Mensesneg Respons BEM SI Jateng Ultimatum Pemerintah 18 Hari Perbaiki Ekonomi: Kami Terima Aspirasi
Prasetyo Hadi, menanggapi ultimatum BEM SI Jawa Tengah kepada pemerintah untuk memperbaiki kondisi perekonomian nasional dalam waktu 18 hari.
Penulis:
Chaerul Umam
Editor:
Adi Suhendi
Ringkasan Berita:
- Prasetyo menyebut persoalan ekonomi merupakan isu yang kompleks sehingga tidak dapat diselesaikan hanya berdasarkan tenggat waktu yang ditentukan pihak tertentu
- Upaya pemulihan ekonomi membutuhkan proses yang melibatkan koordinasi lintas sektor dan berbagai kebijakan yang saling mendukung
- Prasetyo menegaskan pemerintah tidak tinggal diam menghadapi tekanan ekonomi yang terjadi
TRIBUNNEWS.COM, JAKARTA - Menteri Sekretaris Negara (Mensesneg) Prasetyo Hadi, menanggapi ultimatum yang dilayangkan Aliansi Badan Eksekutif Mahasiswa Seluruh Indonesia (BEM SI) Jawa Tengah, kepada pemerintah untuk memperbaiki kondisi perekonomian nasional dalam waktu 18 hari.
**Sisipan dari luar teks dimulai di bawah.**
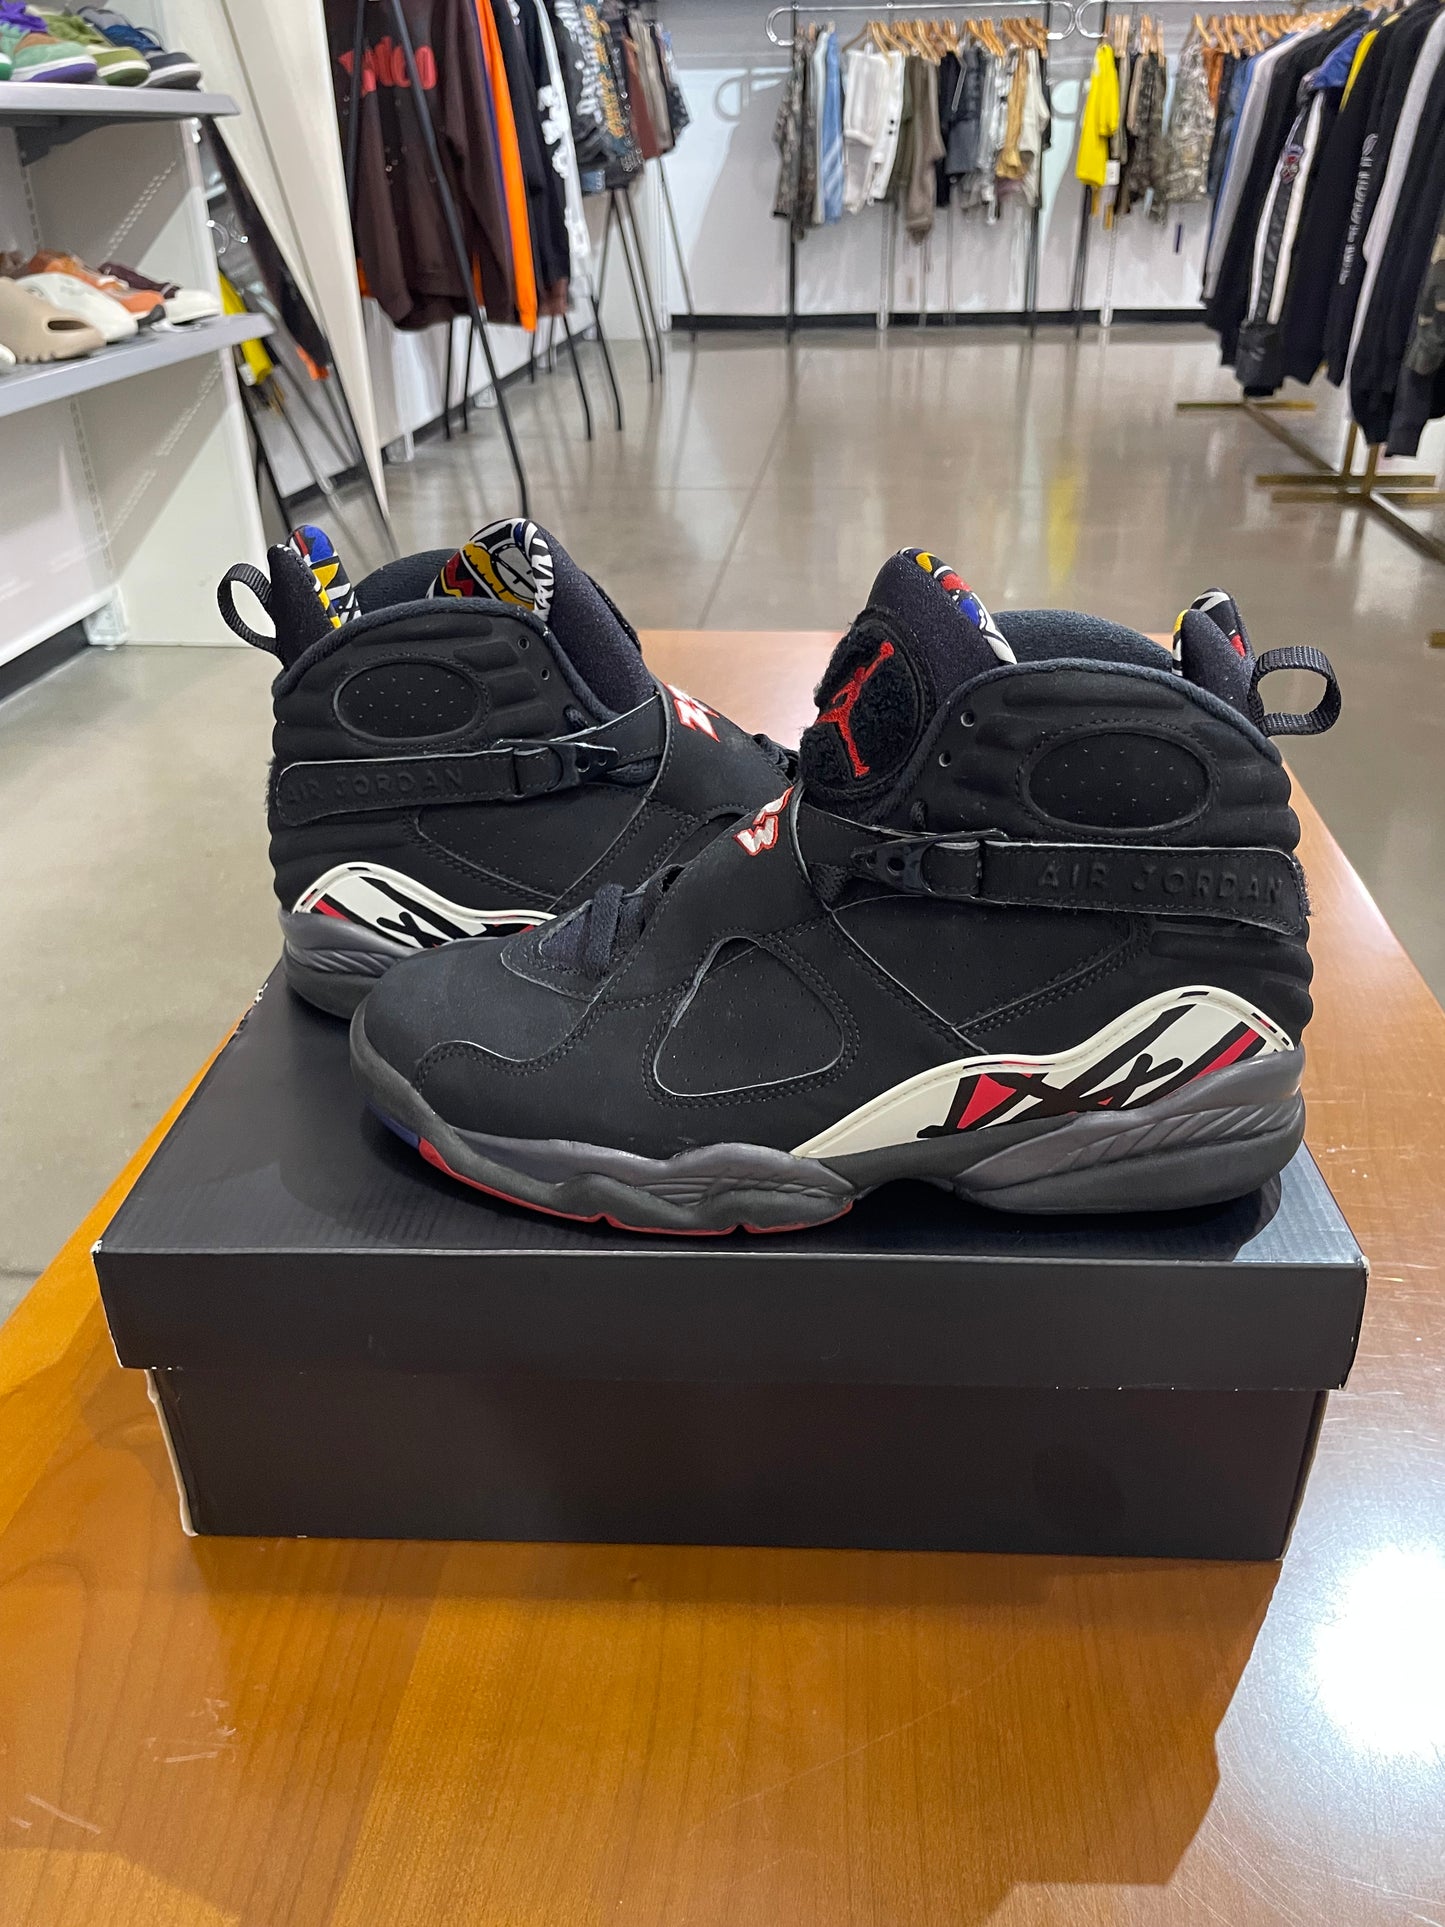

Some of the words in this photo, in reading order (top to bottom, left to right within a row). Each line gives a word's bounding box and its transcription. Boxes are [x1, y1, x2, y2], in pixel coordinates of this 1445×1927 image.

[335, 767, 463, 797] JORDAN
[1037, 861, 1109, 889] AIR
[1132, 864, 1282, 902] JORDAN
Adapun desakan tersebut muncul setelah nilai tukar rupiah melemah hingga menembus Rp 18 ribu per dolar Amerika Serikat.
Menurut Prasetyo, persoalan ekonomi merupakan isu yang kompleks sehingga tidak dapat diselesaikan hanya berdasarkan tenggat waktu yang ditentukan pihak tertentu.
Dia menegaskan, upaya pemulihan ekonomi membutuhkan proses yang melibatkan koordinasi lintas sektor dan berbagai kebijakan yang saling mendukung.
"Tidak semua atau segala sesuatu itu bisa dicapai dengan sebuah tenggat waktu yang sudah ditetapkan. Tidak semuanya bisa seperti itu," kata Prasetyo di Kompleks Parlemen, Senayan, Jakarta, Senin (8/6/2026).
Namun demikian, Prasetyo menilai tuntutan yang disampaikan mahasiswa mencerminkan kepedulian terhadap kondisi ekonomi nasional.
Baca juga: Rupiah Makin Ambles Pagi Ini, Pengamat Prediksi Bisa Tembus Rp 19.000
Pemerintah, kata dia, memandang aspirasi tersebut sebagai masukan yang positif dan konstruktif.
Ia menyebut semangat yang dibawa kalangan mahasiswa pada dasarnya merupakan dorongan agar seluruh elemen bangsa semakin giat bekerja dalam menghadapi tantangan ekonomi yang ada saat ini.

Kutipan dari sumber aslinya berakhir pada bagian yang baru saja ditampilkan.